EXTRACTED RECORDS below:

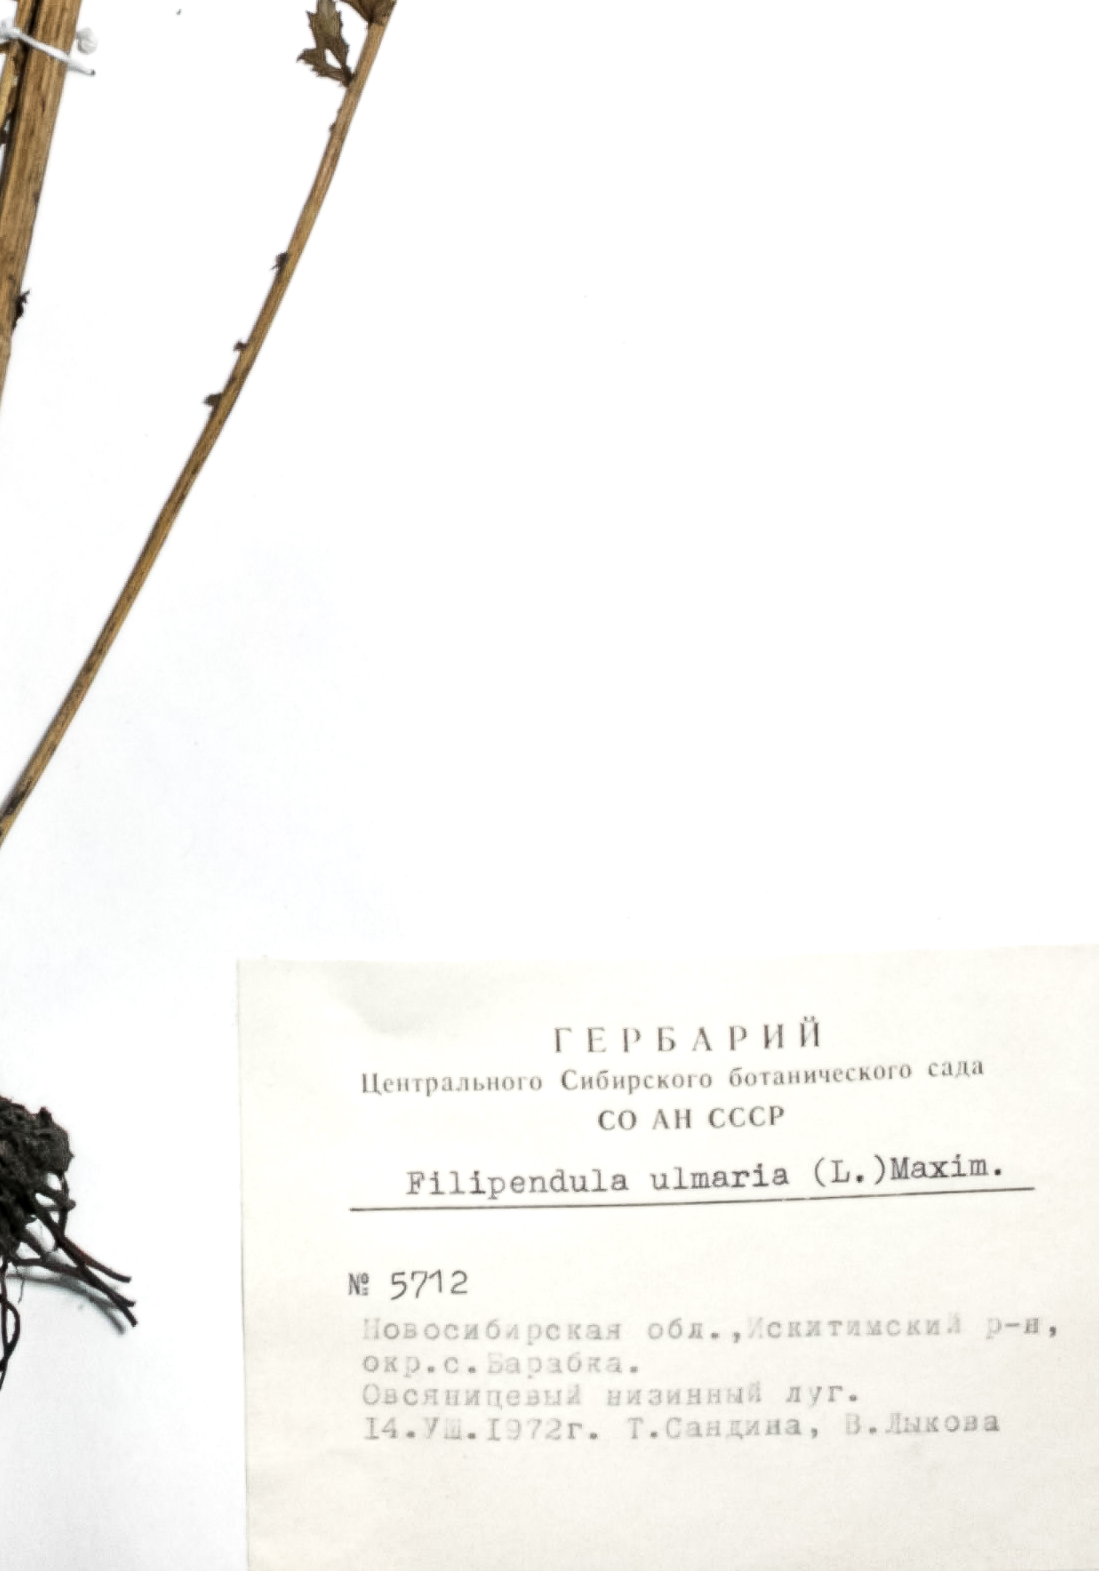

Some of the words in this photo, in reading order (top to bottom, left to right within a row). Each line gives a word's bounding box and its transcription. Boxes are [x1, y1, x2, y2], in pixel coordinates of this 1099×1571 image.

[554, 1015, 820, 1053] ГЕРБАРИЙ
[361, 1072, 543, 1097] Центрального
[560, 1069, 713, 1095] Сибирского
[728, 1063, 912, 1089] ботанического
[928, 1059, 985, 1080] сада
[597, 1109, 637, 1131] СО
[652, 1108, 692, 1130] АН
[708, 1105, 785, 1129] СССР
[405, 1168, 630, 1200] Filipendula
[650, 1162, 790, 1191] ulmaria
[348, 1272, 370, 1296] №
[390, 1269, 468, 1301] 5712
[363, 1316, 622, 1346] Новосибирская
[986, 1317, 1058, 1339] р-н,
[362, 1382, 582, 1411] Овсяницевый
[606, 1381, 762, 1408] низинный
[785, 1384, 859, 1407] луг.
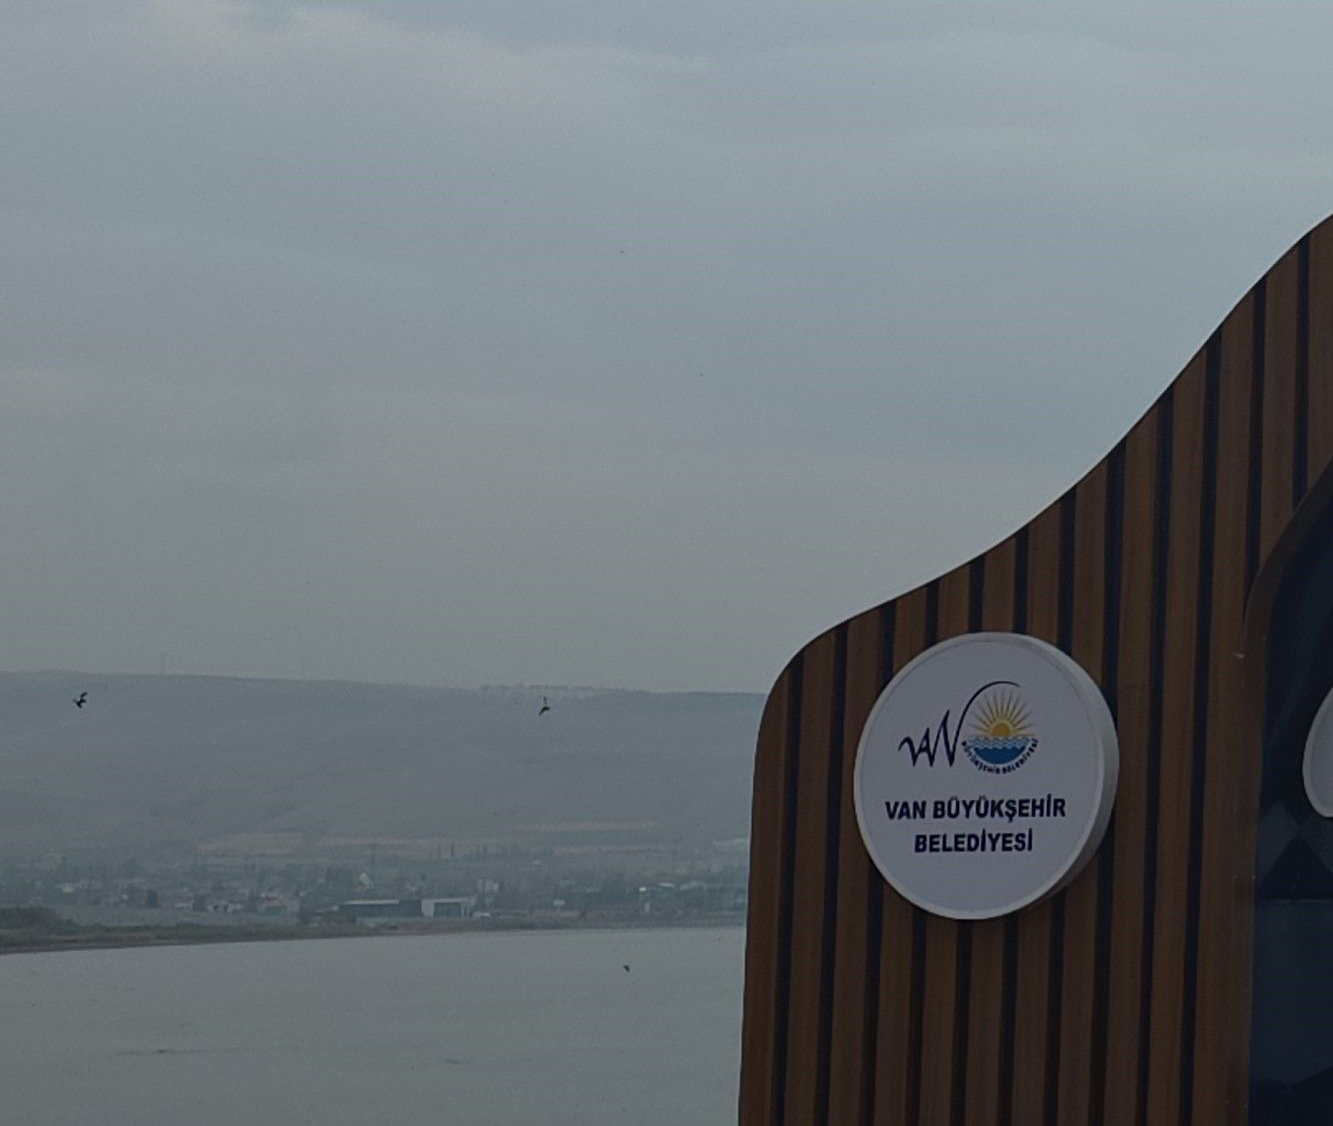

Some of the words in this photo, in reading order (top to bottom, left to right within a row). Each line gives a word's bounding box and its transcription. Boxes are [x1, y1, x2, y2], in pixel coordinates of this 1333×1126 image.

[885, 801, 926, 820] VAN
[933, 794, 1066, 822] BÜYÜKŞEHİR
[914, 828, 1033, 853] BELEDİYESİ

End of EXTRACTED RECORDS.

▶ [TASK ITEM]: Could you transcribe all of the data exactly and omit the pictures?

▶ [PROBLEM SOLUTION]:
Some of the words in this photo, in reading order (top to bottom, left to right within a row). Each line gives a word's bounding box and its transcription. Boxes are [x1, y1, x2, y2], in pixel coordinates of this 1099×1571 image.

[554, 1015, 820, 1053] ГЕРБАРИЙ
[361, 1072, 543, 1097] Центрального
[560, 1069, 713, 1095] Сибирского
[728, 1063, 912, 1089] ботанического
[928, 1059, 985, 1080] сада
[597, 1109, 637, 1131] СО
[652, 1108, 692, 1130] АН
[708, 1105, 785, 1129] СССР
[405, 1168, 630, 1200] Filipendula
[650, 1162, 790, 1191] ulmaria
[348, 1272, 370, 1296] №
[390, 1269, 468, 1301] 5712
[363, 1316, 622, 1346] Новосибирская
[986, 1317, 1058, 1339] р-н,
[362, 1382, 582, 1411] Овсяницевый
[606, 1381, 762, 1408] низинный
[785, 1384, 859, 1407] луг.

Some of the words in this photo, in reading order (top to bottom, left to right within a row). Each line gives a word's bounding box and its transcription. Boxes are [x1, y1, x2, y2], in pixel coordinates of this 1333×1126 image.

[885, 801, 926, 820] VAN
[933, 794, 1066, 822] BÜYÜKŞEHİR
[914, 828, 1033, 853] BELEDİYESİ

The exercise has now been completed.